I'll concede to that. Ruled is to strong... heavily influenced by? 



Stronger-now said:


> What cheaters and some BS don't realize, we all can be attracted to someone not our spouses at some point or another.


No problem with that, I've been attracted to women other than my wife. I don't think it was something that could be stopped, In my case it simply was not advanced upon. 



Stronger-now said:


> Saying a WS is under the influence of "fog" implying their feelings are not real. I think, only they know whether they are just infatuated, or they indeed have fallen in love. One thing for sure, they don't have good judgment.


I always interpreted 'The Fog' as the cheater being deluded by their feelings and not seeing the truth about the AP. Of course the cheater knows what they're doing is unacceptable, or they wouldn't be deceiving anyone. But many can't recognize that their feelings for their soulmate are transitory at best. 




Stronger-now said:


> Comparing cheating to nail-biting is undermining the magnitude of pain and hurt most of us here feel. Your bad habit is unappealing, but it does not hurt anyone. Cheating is not a bad habit. It is a conscious decision they make to put their crotch and whatever feelings they feed off their AP above their spouse and their family.


Okay, bad analogy on my part, I admit it. I'm with you on the 'magnitude of pain and hurt', believe me. 

I was just trying to argue that pulling one's head out of their own ass isn't easy when the AP is hitting the right buttons. 

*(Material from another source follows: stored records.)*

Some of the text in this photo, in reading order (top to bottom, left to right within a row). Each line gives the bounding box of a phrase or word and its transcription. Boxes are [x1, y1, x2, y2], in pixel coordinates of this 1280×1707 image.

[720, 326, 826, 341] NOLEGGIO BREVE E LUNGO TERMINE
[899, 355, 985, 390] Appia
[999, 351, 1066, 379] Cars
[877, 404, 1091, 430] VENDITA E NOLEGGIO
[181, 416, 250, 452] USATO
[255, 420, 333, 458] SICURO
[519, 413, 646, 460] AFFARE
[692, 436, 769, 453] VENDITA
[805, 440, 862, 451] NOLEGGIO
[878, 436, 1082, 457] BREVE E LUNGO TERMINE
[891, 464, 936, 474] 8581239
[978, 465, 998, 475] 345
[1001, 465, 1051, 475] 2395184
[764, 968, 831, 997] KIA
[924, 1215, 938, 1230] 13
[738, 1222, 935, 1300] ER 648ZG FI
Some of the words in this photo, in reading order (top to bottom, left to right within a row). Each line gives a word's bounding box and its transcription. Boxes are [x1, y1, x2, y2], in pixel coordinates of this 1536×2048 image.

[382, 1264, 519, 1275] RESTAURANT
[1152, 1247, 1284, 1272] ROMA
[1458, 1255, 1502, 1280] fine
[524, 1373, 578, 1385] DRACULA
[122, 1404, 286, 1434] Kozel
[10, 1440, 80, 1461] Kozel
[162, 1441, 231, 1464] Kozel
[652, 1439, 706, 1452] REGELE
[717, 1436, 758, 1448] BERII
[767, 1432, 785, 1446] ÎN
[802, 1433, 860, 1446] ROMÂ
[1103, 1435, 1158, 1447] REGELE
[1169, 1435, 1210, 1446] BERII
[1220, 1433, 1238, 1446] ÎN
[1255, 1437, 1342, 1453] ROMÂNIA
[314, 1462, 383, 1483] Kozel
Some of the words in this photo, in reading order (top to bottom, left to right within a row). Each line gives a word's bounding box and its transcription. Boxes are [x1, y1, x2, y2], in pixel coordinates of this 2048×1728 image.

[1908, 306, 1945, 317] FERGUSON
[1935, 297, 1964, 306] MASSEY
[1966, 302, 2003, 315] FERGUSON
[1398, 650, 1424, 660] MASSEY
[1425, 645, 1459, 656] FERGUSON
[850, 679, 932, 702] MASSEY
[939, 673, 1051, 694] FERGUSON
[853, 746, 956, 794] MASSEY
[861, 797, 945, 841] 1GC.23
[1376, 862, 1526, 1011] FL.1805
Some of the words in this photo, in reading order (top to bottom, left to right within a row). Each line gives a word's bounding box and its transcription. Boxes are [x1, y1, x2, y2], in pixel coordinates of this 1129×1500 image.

If the Marriage Builders statistic about 60% or more of marriages experiencing infidelity is correct it's clearly pretty damn hard for the majority of people to stay monogamous after making a 'commitment'. Are they all low character? If so, what a ****ty world we live in. 

I'm sorry, I think biological drives are more powerful than we give credit. 

To get back on topic, the OP needs to look at their feelings objectively, understand why they're happening, and see that the magical majestic AP just a big illusion.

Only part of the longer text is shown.